§ **EXERCISE DETAILS**
Line by line, retype the material exactly and leave each picture out.

§ **DATA EXCERPTS**
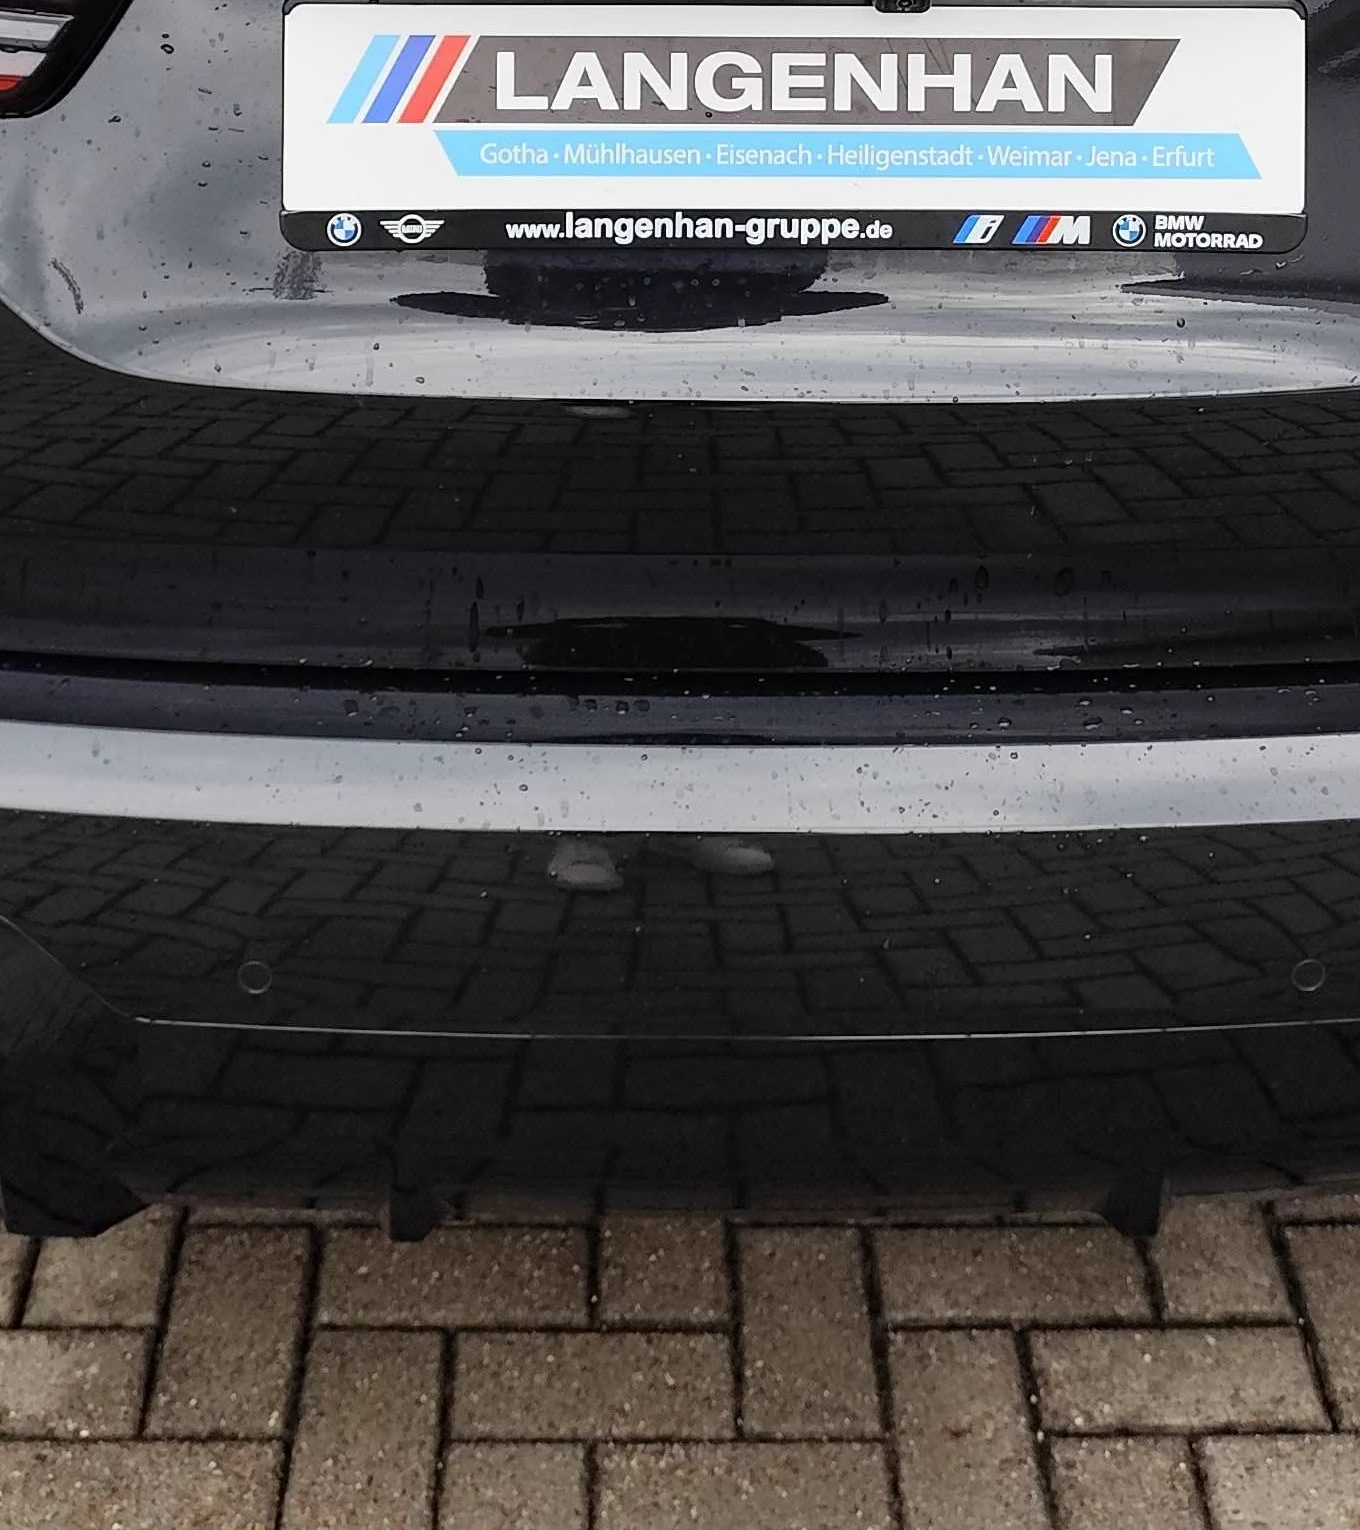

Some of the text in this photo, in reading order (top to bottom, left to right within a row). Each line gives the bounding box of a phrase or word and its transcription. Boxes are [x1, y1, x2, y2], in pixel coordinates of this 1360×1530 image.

[496, 51, 1113, 113] LANGENHAN
[480, 143, 1215, 171] Gotha Mühlhausen Eisenach Heiligenstadt Weimar Jena Erfurt
[505, 211, 893, 245] www.langenhan-gruppe.de
[1154, 215, 1205, 231] BMW
[1153, 232, 1264, 249] MOTORRAD
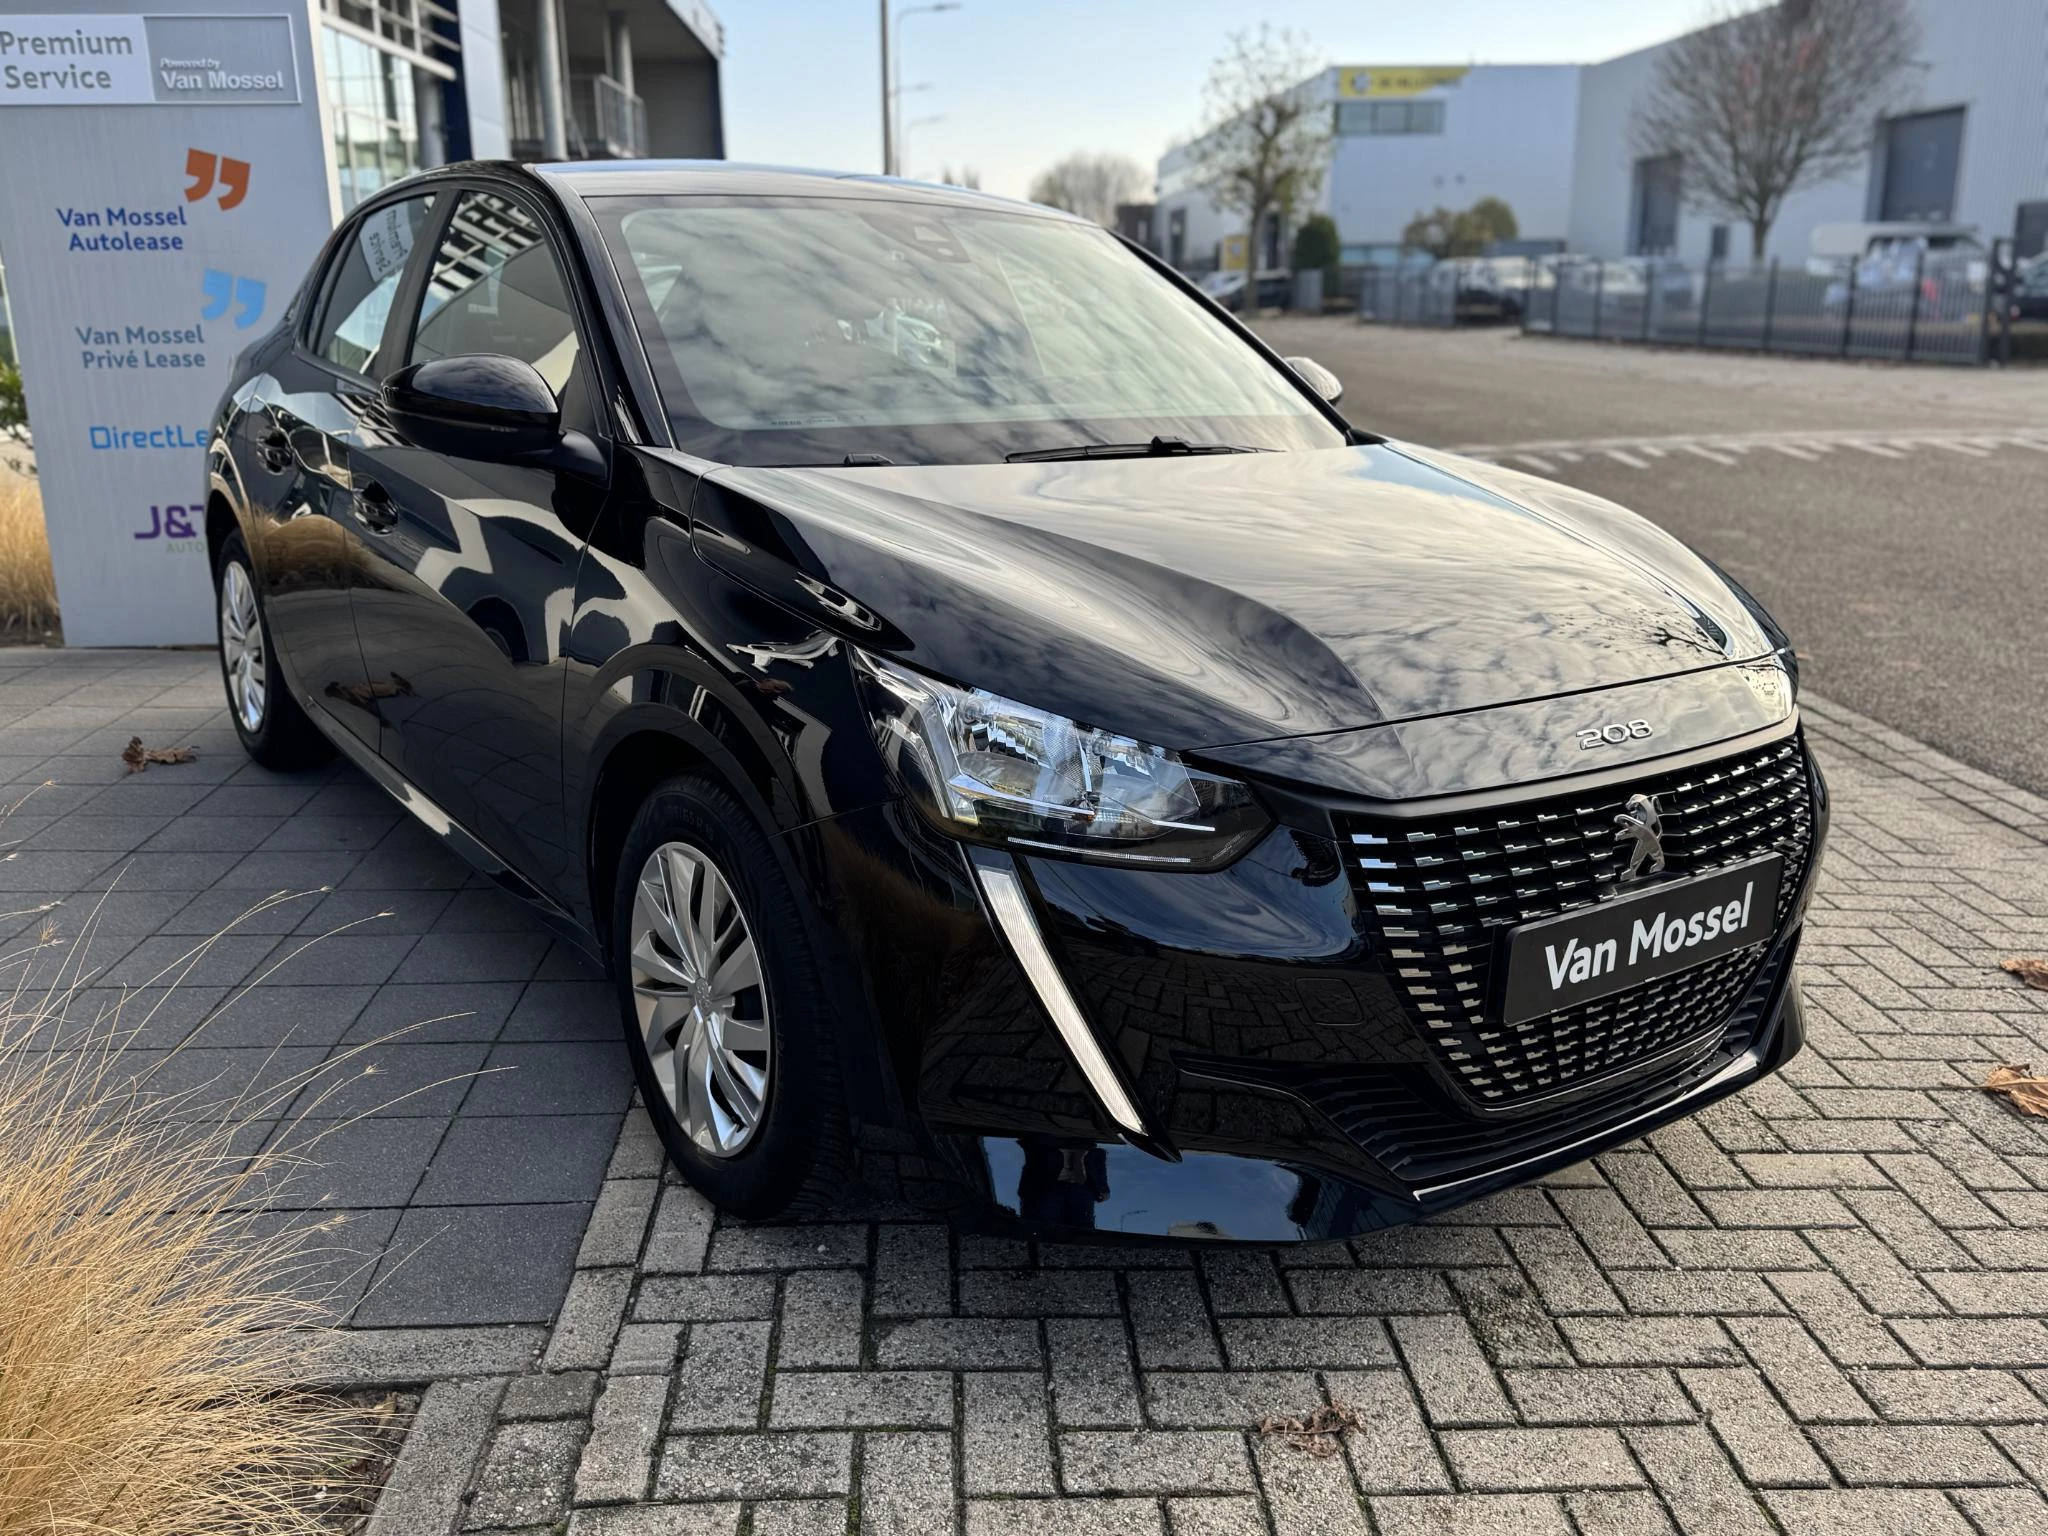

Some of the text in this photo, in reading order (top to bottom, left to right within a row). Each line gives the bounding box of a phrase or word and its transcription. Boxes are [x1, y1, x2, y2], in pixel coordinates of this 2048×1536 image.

[0, 30, 132, 55] Premium
[160, 57, 221, 70] Powered by
[4, 64, 112, 89] Service
[161, 70, 284, 89] Van Mossel
[57, 206, 187, 227] Van Mossel
[69, 232, 184, 251] Autolease
[75, 324, 205, 346] Van Mossel
[82, 350, 206, 369] Privé Lease
[1576, 719, 1653, 750] 208
[1545, 881, 1753, 990] Van Mossel

§ **TASK ANSWER**
Some of the text in this photo, in reading order (top to bottom, left to right within a row). Each line gives the bounding box of a phrase or word and its transcription. Boxes are [x1, y1, x2, y2], in pixel coordinates of this 1360×1530 image.

[496, 51, 1113, 113] LANGENHAN
[480, 143, 1215, 171] Gotha Mühlhausen Eisenach Heiligenstadt Weimar Jena Erfurt
[505, 211, 893, 245] www.langenhan-gruppe.de
[1154, 215, 1205, 231] BMW
[1153, 232, 1264, 249] MOTORRAD

Some of the text in this photo, in reading order (top to bottom, left to right within a row). Each line gives the bounding box of a phrase or word and its transcription. Boxes are [x1, y1, x2, y2], in pixel coordinates of this 2048×1536 image.

[0, 30, 132, 55] Premium
[160, 57, 221, 70] Powered by
[4, 64, 112, 89] Service
[161, 70, 284, 89] Van Mossel
[57, 206, 187, 227] Van Mossel
[69, 232, 184, 251] Autolease
[75, 324, 205, 346] Van Mossel
[82, 350, 206, 369] Privé Lease
[1576, 719, 1653, 750] 208
[1545, 881, 1753, 990] Van Mossel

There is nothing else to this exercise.